Tão sombrio quanto a depressão, o estresse vem sendo nomeado de “peste negra do século 21″. De acordo com relatório do Chartered Institute of Personnel and Development, o estresse já configura a principal causa de afastamento prolongado do trabalho no Reino Unido, superando derrames, ataques cardíacos, câncer e problemas na coluna. Mas o que é o estresse? Quais são suas causas e seus impactos na sociedade?
O segundo livro analisado por Dana Cole em seu artigo é One Nation under stress: the trouble with stress as an idea, de Dana Becker, professora de Serviço Social na Bryn Mawr College, nos Estados Unidos. Para Becker, encarar estresse como uma ansiedade que se origina de dentro, ao invés de vê-la como reação a pressões externas subverte o sentido histórico original da palavra. Becker cita o neurologista americano George M. Beard, ao afirmar que as pressões da vida moderna estavam forçando as pessoas além dos limites de energia que possuem. Beard provavelmente não ficaria surpreso ao ver o caso do jovem alemão Moritz Erhardt, possivelmente morto por excesso de trabalho.
A questão central na análise de Becker é: não seria responsabilidade da sociedade formular políticas públicas e sistemas de seguridade social que ajudem a diminuir os estressores sociais e econômicos que estão sobrecarregando as pessoas? Ela cunha o termo estressismo para descrever “a convicção atual de que as tensões da vida contemporânea são principalmente problemas individuais de estilo de vida a ser resolvidos por meio do manejo do estresse, em oposição à convicção de que essas tensões estão ligadas a forças sociais e devem ser resolvidas principalmente por meios sociais e políticos”.
Um exemplo do que Becker chama de estressismo é a ideia de que as mães que trabalham fora de casa devem aprender a lidar com seus múltiplos papéis, além de manejar o estresse gerado pelo acúmulo de responsabilidades profissionais, no cuidado com os filhos e com a família, para manter a própria saúde e se manter em dia com as exigências estéticas.
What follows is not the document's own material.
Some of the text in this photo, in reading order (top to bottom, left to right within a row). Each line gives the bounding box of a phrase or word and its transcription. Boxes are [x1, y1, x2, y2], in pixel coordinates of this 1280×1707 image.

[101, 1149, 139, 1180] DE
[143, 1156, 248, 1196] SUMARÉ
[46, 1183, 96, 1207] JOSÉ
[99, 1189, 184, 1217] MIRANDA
Esse estereótipo é tão disseminado e glorificado que fica fácil esquecer a suposição que está por trás: manobrar múltiplos papéis é um problema principalmente das mulheres, não dos homens, ou da família, ou da sociedade.
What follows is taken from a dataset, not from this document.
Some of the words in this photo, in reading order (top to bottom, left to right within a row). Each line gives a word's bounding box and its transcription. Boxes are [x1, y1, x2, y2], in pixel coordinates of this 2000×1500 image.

Para Cole, os dois autores alertam para o perigo de se perder a noção do impacto das pressões sociais e econômicas que vivemos. Pressões estas que, se fossem enfrentadas, poderiam promover mudanças efetivas e melhor qualidade de vida para toda a população – talvez, especialmente para as mulheres.
Vivemos um cenário no qual, ao mesmo tempo em que doenças reais estão sendo soterradas por uma enxurrada de distúrbios inventados, eventos que fazem parte da vida e características individuais ou de grupos (etários, de gênero, de orientação sexual) se tornam patologias.
Infância, menstruação, gravidez, parto, menopausa, timidez, luto, gula, masculinidade, feminilidade, impotência, sobrepeso, tristeza, criatividade, expressividade, alegria, rebeldia, questionamento de autoridade. Nesse crescente fenômeno de patologização da vida, as doenças estão se tornando ficções lucrativas nas mãos da indústria médica e farmacêutica e armas convenientes para garantir o controle social e a subordinação às injustiças e desigualdades.
É difícil evitar comparações com a Melancolia, planetária e pessoal, retratada por Lars von Trier. No mundo da não-ficção, tanto o abatimento profundo da depressão enquanto doença real como o sofrimento causado por estruturas econômicas e sociais opressivas, especialmente para as mulheres (e os pequenos que cria), estão sendo negligenciados. Talvez a colisão planetária que nos assombra seja justamente a realidade que vivemos na Terra.